Thanks so much for this feedback! We address each of the comments below:

1) We have updated our "Steps / Potential Barriers" table to include a third column, “Proposed Countermeasures.” If selected, we anticipate many opportunities to hone these potential countermeasures further through PDSA cycles and with the support of implementation science coaching from the Caring Wisely team. We are eager to work with the Caring Wisely team to develop and implement countermeasures that will maximize the likelihood of success of this proposed expedited enrollment pathway.

 

2) We appreciate the guidance regarding the direct variable cost per day of an acute care bed at Parnassus and reflect this change in our updated ROI calculation. We have also updated our Expected LOS reduction estimate based on additional information since our initial submission.

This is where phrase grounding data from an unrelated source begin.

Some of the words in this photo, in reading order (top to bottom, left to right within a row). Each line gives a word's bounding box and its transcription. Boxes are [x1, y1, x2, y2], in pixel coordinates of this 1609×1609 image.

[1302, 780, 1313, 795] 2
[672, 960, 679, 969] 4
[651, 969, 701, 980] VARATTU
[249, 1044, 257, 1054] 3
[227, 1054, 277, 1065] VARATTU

In our initial proposal, we described calculating the Expected LOS Reduction via chart review of patients admitted to Parnassus from 2/19/24-2/23/24 identified by inpatient Geriatrics providers as potentially CAH-eligible. Inpatient Geriatrics providers identified 13 potentially CAH-eligible patients. At the time of our initial submission, 7 discharged to home (all with home health), 4 discharged to SNF, and 2 were still admitted. Both patients who were admitted at the time of our initial submission have now been discharged. One of these patients discharged to SNF, and the other discharged to home (again with home health). We identify at least 3 opportunity days in this latter admission. 

Our Expected LOS Reduction estimate now reflects this additional information. Our proposal now reads as follows (Direct Cost Savings table, footnote D): "Two providers reviewed the admissions of the 8 patients discharged home and found 16 opportunity days (average 2 opportunity days/admission) based on case management notes, inpatient provider disposition estimation, and clinical documentation."

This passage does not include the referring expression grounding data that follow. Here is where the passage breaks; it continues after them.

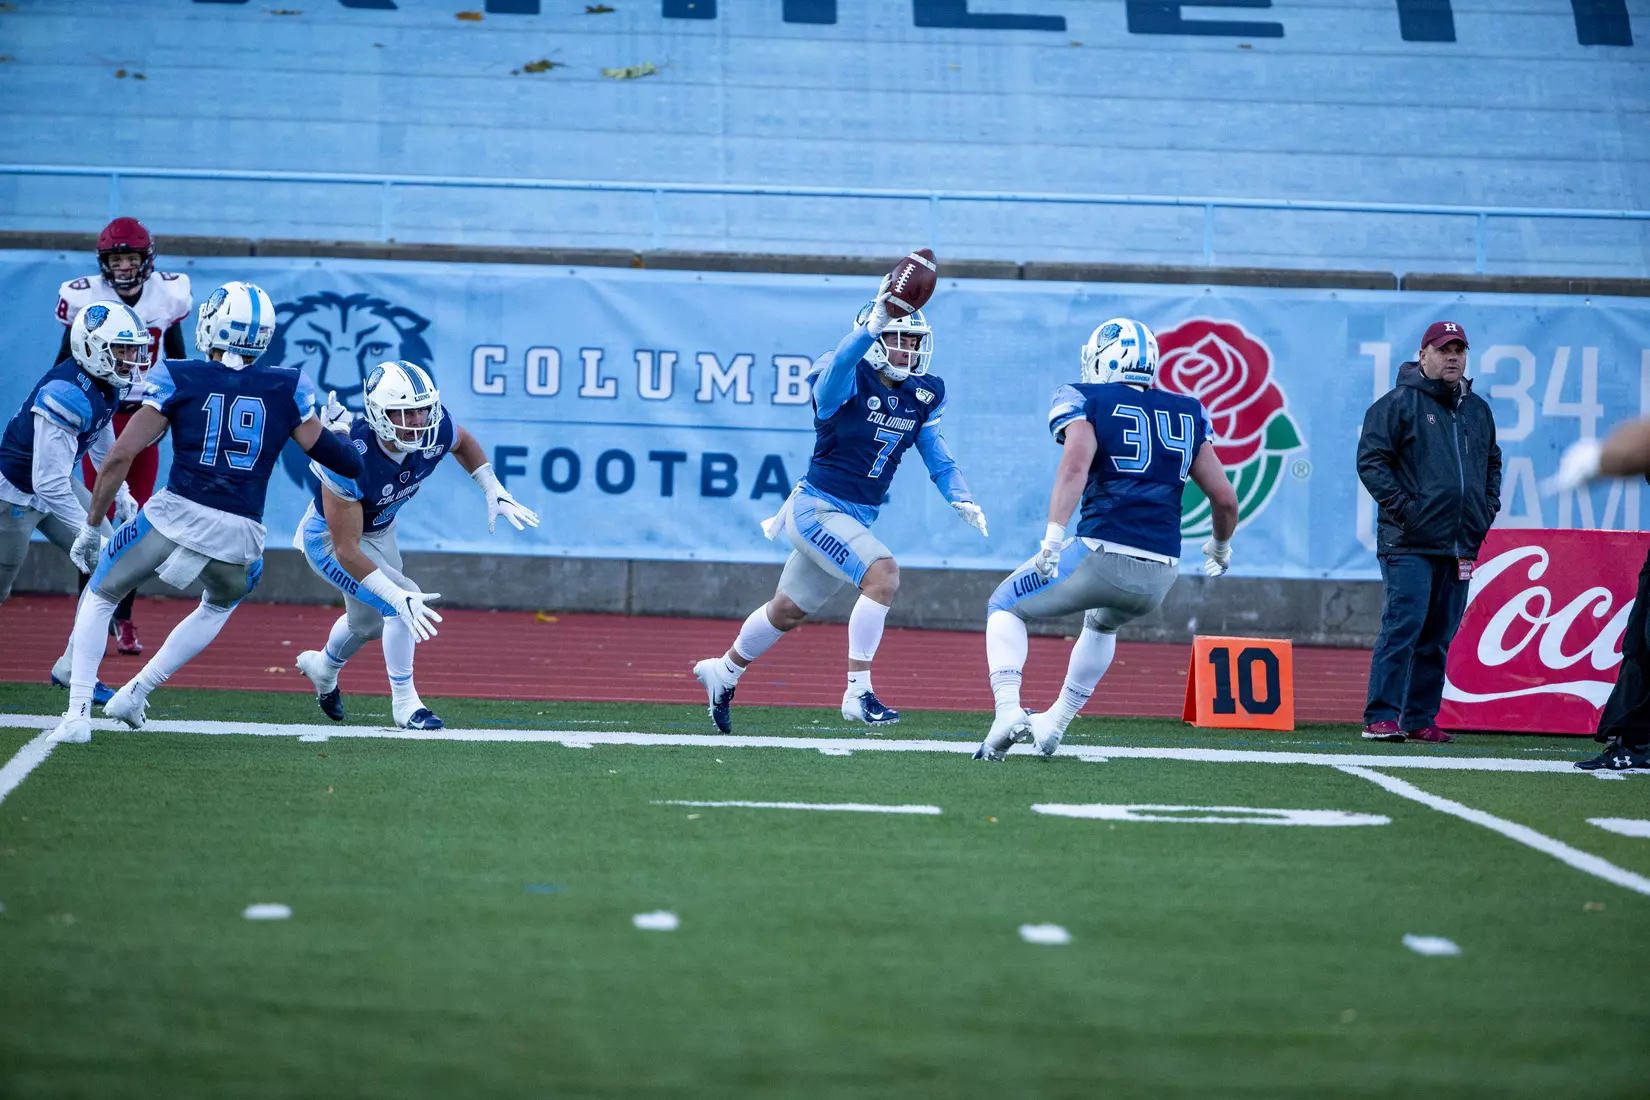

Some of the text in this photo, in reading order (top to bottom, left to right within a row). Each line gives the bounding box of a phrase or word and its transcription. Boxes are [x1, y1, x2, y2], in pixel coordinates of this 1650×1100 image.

[1444, 322, 1458, 332] H
[472, 344, 812, 406] COLUMB
[1358, 341, 1604, 442] 134
[200, 393, 266, 471] 19
[867, 411, 916, 431] COLUMBIA
[1112, 404, 1194, 482] 34
[494, 446, 806, 500] FOOTBA
[868, 429, 904, 478] 7
[107, 521, 138, 559] LIONS
[810, 528, 850, 565] LIONS
[323, 561, 359, 595] LIONS
[1208, 647, 1281, 715] 10

Finally, in addition to calclulating direct cost savings savings (as above), we have also estimated the contribution margin of 160 bed days made available to treat additional patients at Parnassus. The contribution margin was calculated using UCSF Finance data and with guidance from UCSF Health Value Improvement. This analysis is described in footnote F of the Contribution Margin of Acute Bed Day Backfill table.

This is such an important and thoughtful proposal that would help reduce many of the barriers that homebound older adults and their families/caregivers face in accessing medical care after a hospitalization.